> _Exercise description_
The records come next. Copy all of them exactly.

---------- Source material

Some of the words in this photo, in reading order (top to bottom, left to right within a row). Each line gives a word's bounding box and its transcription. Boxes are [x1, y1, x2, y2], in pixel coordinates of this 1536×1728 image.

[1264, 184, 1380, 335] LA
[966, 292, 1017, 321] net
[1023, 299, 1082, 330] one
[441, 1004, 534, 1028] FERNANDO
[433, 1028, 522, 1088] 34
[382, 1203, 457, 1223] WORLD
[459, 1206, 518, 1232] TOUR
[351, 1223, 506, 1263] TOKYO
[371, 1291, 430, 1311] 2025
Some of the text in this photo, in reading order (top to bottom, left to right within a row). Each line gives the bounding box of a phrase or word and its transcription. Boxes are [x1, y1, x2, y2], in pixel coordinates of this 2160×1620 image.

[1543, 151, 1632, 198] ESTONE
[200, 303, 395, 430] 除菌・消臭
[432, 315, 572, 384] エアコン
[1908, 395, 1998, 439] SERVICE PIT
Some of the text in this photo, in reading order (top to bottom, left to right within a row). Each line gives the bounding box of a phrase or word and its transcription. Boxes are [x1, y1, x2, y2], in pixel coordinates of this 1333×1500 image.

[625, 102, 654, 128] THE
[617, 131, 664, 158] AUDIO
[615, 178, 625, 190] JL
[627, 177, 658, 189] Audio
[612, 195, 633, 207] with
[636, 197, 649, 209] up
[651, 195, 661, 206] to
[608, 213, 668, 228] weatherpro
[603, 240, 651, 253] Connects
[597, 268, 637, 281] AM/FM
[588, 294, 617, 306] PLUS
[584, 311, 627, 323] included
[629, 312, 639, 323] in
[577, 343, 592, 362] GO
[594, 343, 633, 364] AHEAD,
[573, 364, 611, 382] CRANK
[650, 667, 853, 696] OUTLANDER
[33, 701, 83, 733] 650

--------------------

> _Result for this task_
Some of the words in this photo, in reading order (top to bottom, left to right within a row). Each line gives a word's bounding box and its transcription. Boxes are [x1, y1, x2, y2], in pixel coordinates of this 1536×1728 image.

[1264, 184, 1380, 335] LA
[966, 292, 1017, 321] net
[1023, 299, 1082, 330] one
[441, 1004, 534, 1028] FERNANDO
[433, 1028, 522, 1088] 34
[382, 1203, 457, 1223] WORLD
[459, 1206, 518, 1232] TOUR
[351, 1223, 506, 1263] TOKYO
[371, 1291, 430, 1311] 2025
Some of the text in this photo, in reading order (top to bottom, left to right within a row). Each line gives the bounding box of a phrase or word and its transcription. Boxes are [x1, y1, x2, y2], in pixel coordinates of this 2160×1620 image.

[1543, 151, 1632, 198] ESTONE
[200, 303, 395, 430] 除菌・消臭
[432, 315, 572, 384] エアコン
[1908, 395, 1998, 439] SERVICE PIT
Some of the text in this photo, in reading order (top to bottom, left to right within a row). Each line gives the bounding box of a phrase or word and its transcription. Boxes are [x1, y1, x2, y2], in pixel coordinates of this 1333×1500 image.

[625, 102, 654, 128] THE
[617, 131, 664, 158] AUDIO
[615, 178, 625, 190] JL
[627, 177, 658, 189] Audio
[612, 195, 633, 207] with
[636, 197, 649, 209] up
[651, 195, 661, 206] to
[608, 213, 668, 228] weatherpro
[603, 240, 651, 253] Connects
[597, 268, 637, 281] AM/FM
[588, 294, 617, 306] PLUS
[584, 311, 627, 323] included
[629, 312, 639, 323] in
[577, 343, 592, 362] GO
[594, 343, 633, 364] AHEAD,
[573, 364, 611, 382] CRANK
[650, 667, 853, 696] OUTLANDER
[33, 701, 83, 733] 650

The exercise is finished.